Tersangka Pembunuh Selingkuhan Istri di Muna Terancam Hukuman Mati

Kapolres Muna AKBP Yudith S Hananta SIK (duduk di tengah) didampingi Kabagops AKP Aldo Von Bolow SIK (duduk kiri), dan Kasat Reskrim AKP Dedy Nuari (duduk kanan) serta tersangka Anto (berdiri tepat di belakang kapolres), saat menggelar konfrensi pers, Selasa (12/7). (Foto:FITRY/BKK)

Kapolres Muna AKBP Yudith S Hananta SIK (duduk di tengah) didampingi Kabagops AKP Aldo Von Bolow SIK (duduk kiri), dan Kasat Reskrim AKP Dedy Nuari (duduk kanan) serta tersangka Anto (berdiri tepat di belakang kapolres), saat menggelar konfrensi pers, Selasa (12/7). (Foto:FITRY/BKK)

RAHA, BKK – Kepolisian Resor (Polres) Muna memasang Pasal 340 Kitab Undang-Undang Hukum Pidana (KUHP) tentang pembunuhan berencana kepada Anto, tersangka kasus pembunuhan Hasan Basri.

Adapun bunyi pasal ini adalah “Barang siapa sengaja dan dengan rencana lebih dahulu merampas nyawa orang lain, diancam dengan pidana mati atau pidana penjara seumur hidup atau selama waktu tertentu, paling lama 20 tahun.

“Anto dijerat Pasal 340 KUHP, yaitu pembunuhan berencana, dengan ancaman maksimal hukuman mati dan minimal 20 tahun penjara,” terang Kepala Kepolisian Resor (Kapolres) Ajun Komisaris Besar Polisi (AKBP) Yudith S Hananta SIK, Selasa (12/7).

Diungkapkan, Anto adalah seorang bramacorah kasus pemerkosaan dan pembunuhan, namun hanya divonis dua tahun penjara.
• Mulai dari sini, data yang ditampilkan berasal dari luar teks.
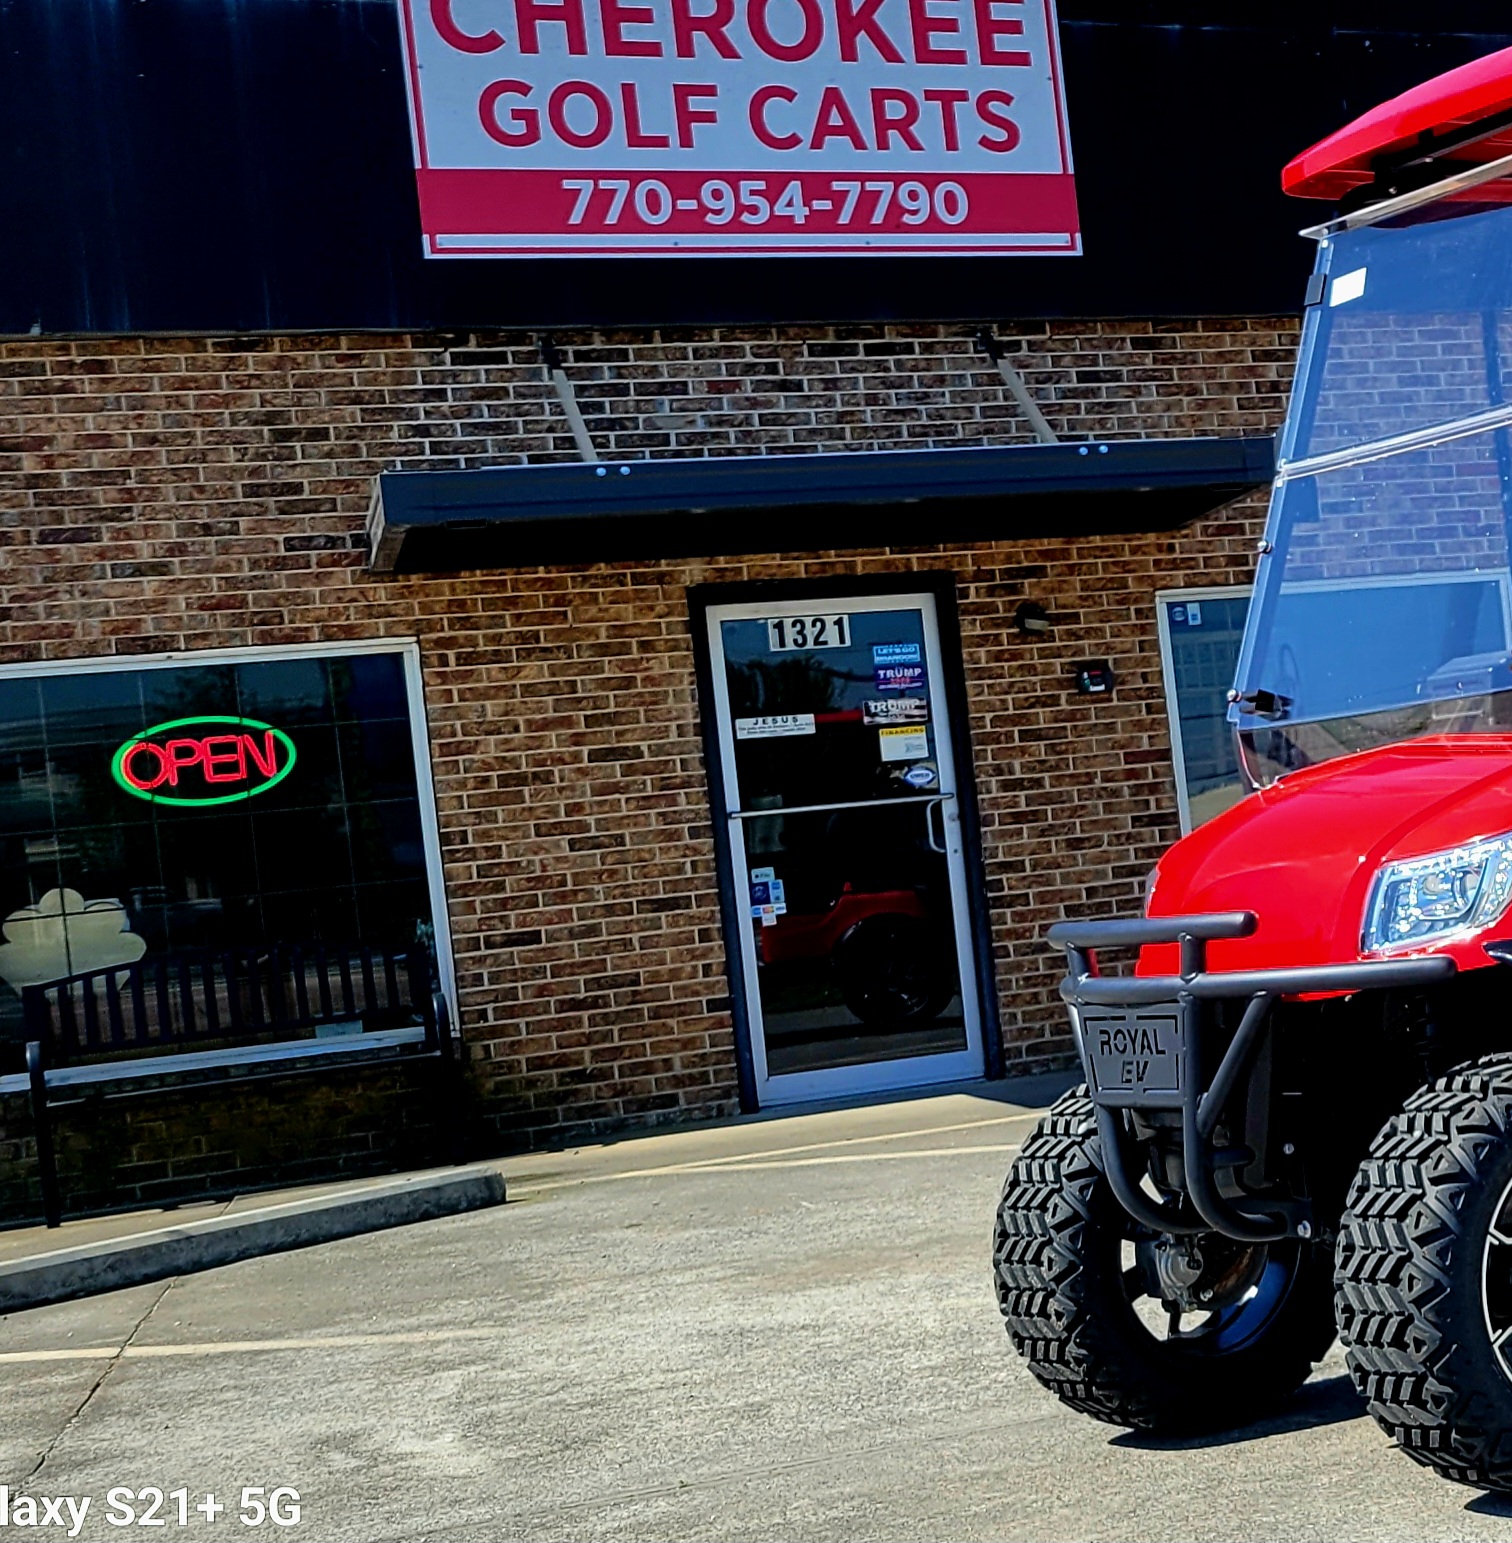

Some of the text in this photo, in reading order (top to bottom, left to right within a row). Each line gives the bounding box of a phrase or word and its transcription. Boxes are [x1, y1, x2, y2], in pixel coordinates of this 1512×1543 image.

[431, 0, 1033, 67] CHEROKEE
[478, 79, 1021, 153] GOLF CARTS
[561, 178, 969, 225] 770-954-7790
[772, 616, 847, 648] 1321
[877, 666, 922, 679] TRUMP
[753, 716, 798, 725] JESUS
[121, 730, 277, 790] OPEN
[1099, 1028, 1167, 1055] ROYAL
[1121, 1060, 1149, 1084] EV
Yudith menambahkan, motif Anto melakukan pembunhan karena cemburu. Dimana, istrinya diduga menjalin hubungan khusus dengan dengan korban.

“Motif kasus pembunuhan ini karena tersangka cemburu pada korban, diduga istri tersangka ada hubungan (berselingkuh, red) dengan korban,” tutur perwira polisi dengan dua melati di pundak ini.
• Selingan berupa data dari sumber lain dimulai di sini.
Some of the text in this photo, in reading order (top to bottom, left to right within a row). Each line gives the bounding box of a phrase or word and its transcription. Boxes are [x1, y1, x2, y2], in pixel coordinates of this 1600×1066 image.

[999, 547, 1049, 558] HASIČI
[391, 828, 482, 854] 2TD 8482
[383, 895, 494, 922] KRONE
Diketahui, Anto yang tidak lain warga Wapunto Kecamatan Duruka Kabupaten Muna dengan sadis membunuh Hasan Basri, warga Lambiku Kecamatan Napabalano, dengan menggunakan sebilah badik. Korban meninggal dunia setelah menderita dua luka tusukan pada bagian dada.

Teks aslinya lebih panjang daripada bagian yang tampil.